OpenHEXA Notebooks Component

OpenHEXA is an open-source data integration platform developed by Bluesquare.

Its goal is to facilitate data integration and analysis workflows, in particular in the context of public health projects.

Please refer to the OpenHEXA wiki for more information about OpenHEXA.

The Notebooks component is not meant to be use in a stand-alone fashion. It is a part of the OpenHEXA platform, and from a user perspective, it is embedded within the OpenHEXA App component.

The Notebooks component is a JupyterHub setup, deployed in a Kubernetes cluster. OpenHEXA relies on the official Zero to JupyterHub Jupyterhub distribution, which contains a Helm chart to manage deployments.

When the hub starts a single-user Jupyter notebook server, it actually spawns a new pod within the Kubernetes cluster. Each single-user server instance is totally isolated from other instances.

Those single-user server instances use customized Docker images based on the datascience-notebook image provided by the Jupyter Docker Stacks project.

Docker image

The OpenHEXA customized JupyterHub setup us published as a Docker image on Docker Hub: blsq/openhexa-jupyterhub

If you're looking something working out of the box for local development, see "Local development" section below.

Authentication

The Notebooks component uses a custom authenticator that will connect to the App component to authenticate users. You will need to have the App component up-and-running to be able to authenticate users.

Local development

The Installation instructions section of our wiki gives an overview of the local development setup required to run OpenHEXA locally.

To run the OpenHEXA notebooks components locally, you will need Docker.

This repository provides a ready-to-use docker-compose.yaml file for local development.
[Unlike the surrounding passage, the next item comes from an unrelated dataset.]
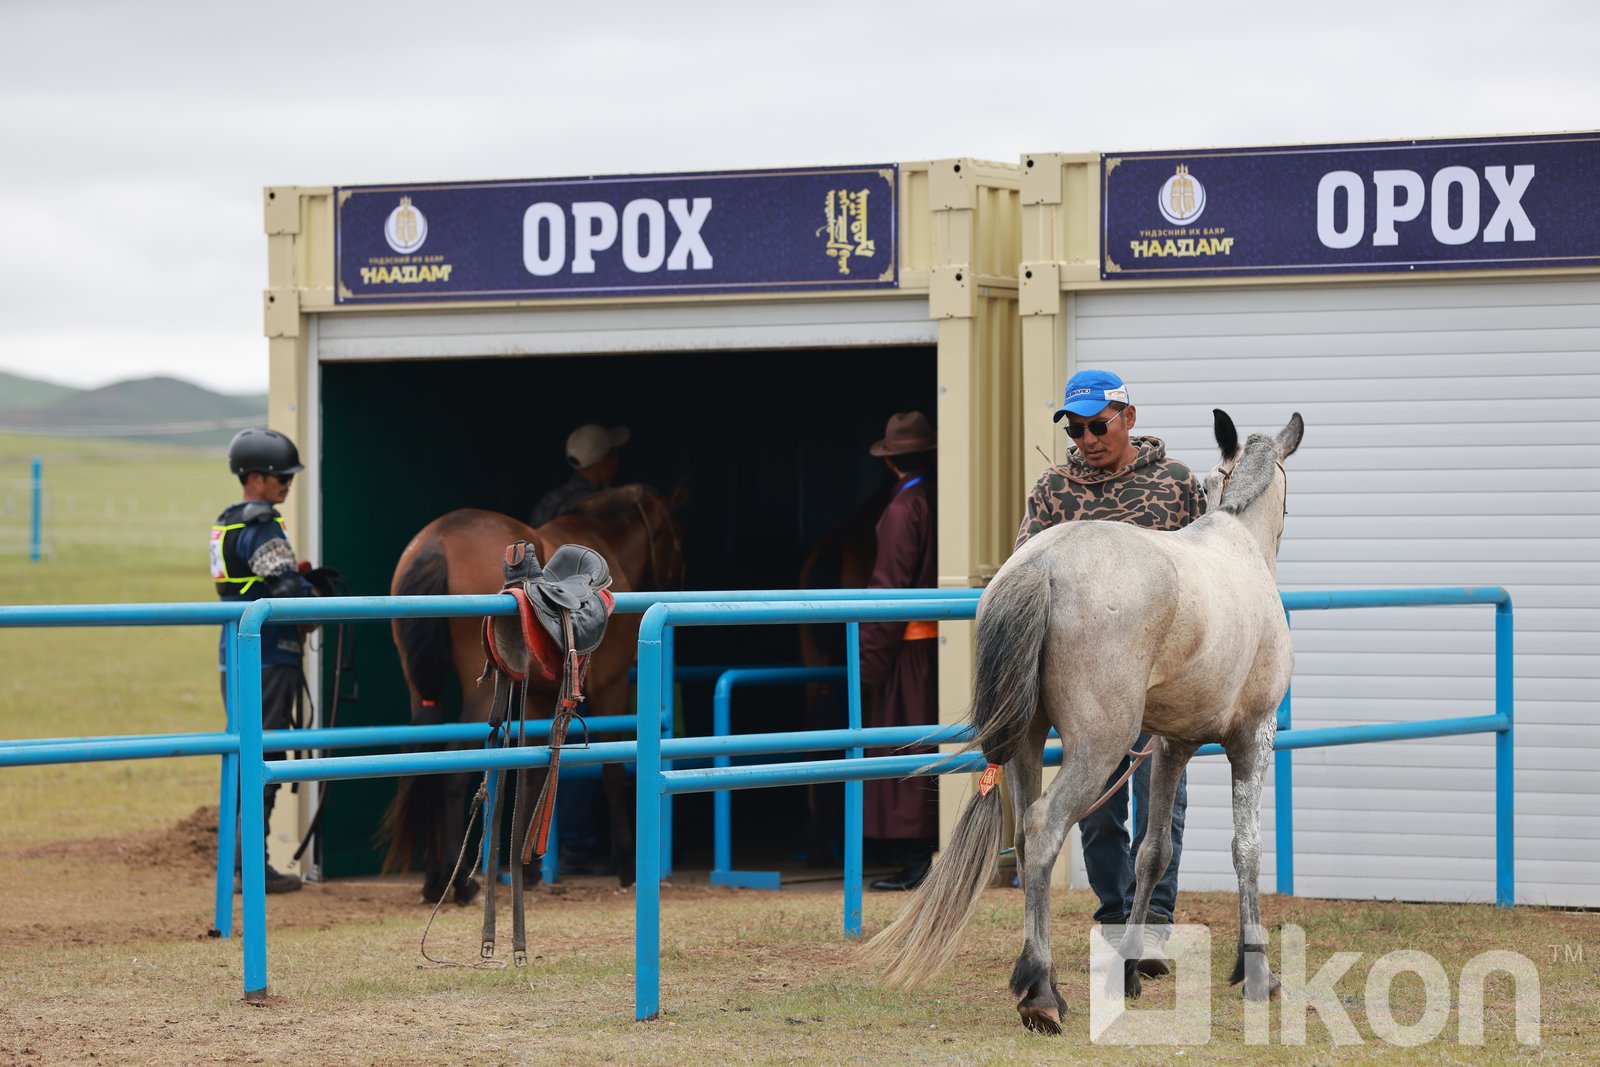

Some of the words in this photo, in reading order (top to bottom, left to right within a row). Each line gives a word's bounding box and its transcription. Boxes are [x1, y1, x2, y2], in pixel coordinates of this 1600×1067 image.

It assumes that the App component is running on http://localhost:8000.

If you want to use our published Docker Image of the Jupyter notebook, you can start JupyterHub as it follows:

docker compose -f docker-compose.yml -f docker-compose-withdockerhub.yml up

Otherwise, build the images (it can take a long time) and you are ready to go:

docker compose build
docker compose up

Building the Docker image

The custom Jupyterhub is built using a Github workflow (see .github/workflows directory).